**Aim of the task**
Repeat each entry as written and leave the images out of the copy.

Phrase grounding data:
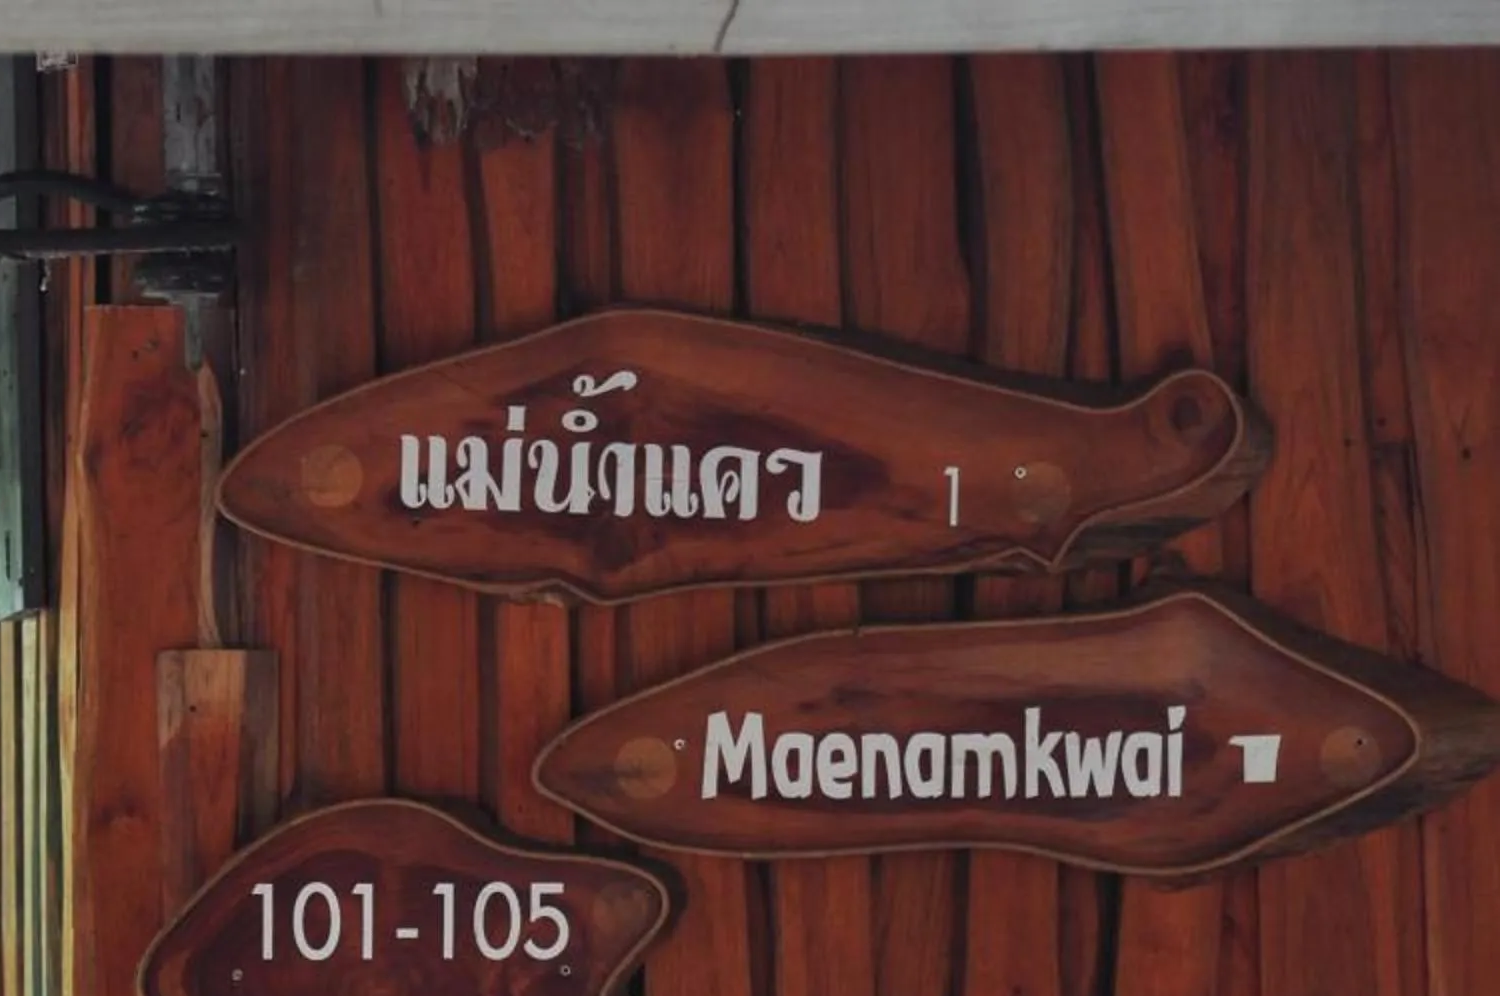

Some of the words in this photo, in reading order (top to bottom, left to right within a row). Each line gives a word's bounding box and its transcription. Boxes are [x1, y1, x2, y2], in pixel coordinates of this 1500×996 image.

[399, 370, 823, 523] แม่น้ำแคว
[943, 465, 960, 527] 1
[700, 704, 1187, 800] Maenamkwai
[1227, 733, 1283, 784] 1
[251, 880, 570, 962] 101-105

**Your solution**
Some of the words in this photo, in reading order (top to bottom, left to right within a row). Each line gives a word's bounding box and its transcription. Boxes are [x1, y1, x2, y2], in pixel coordinates of this 1500×996 image.

[399, 370, 823, 523] แม่น้ำแคว
[943, 465, 960, 527] 1
[700, 704, 1187, 800] Maenamkwai
[1227, 733, 1283, 784] 1
[251, 880, 570, 962] 101-105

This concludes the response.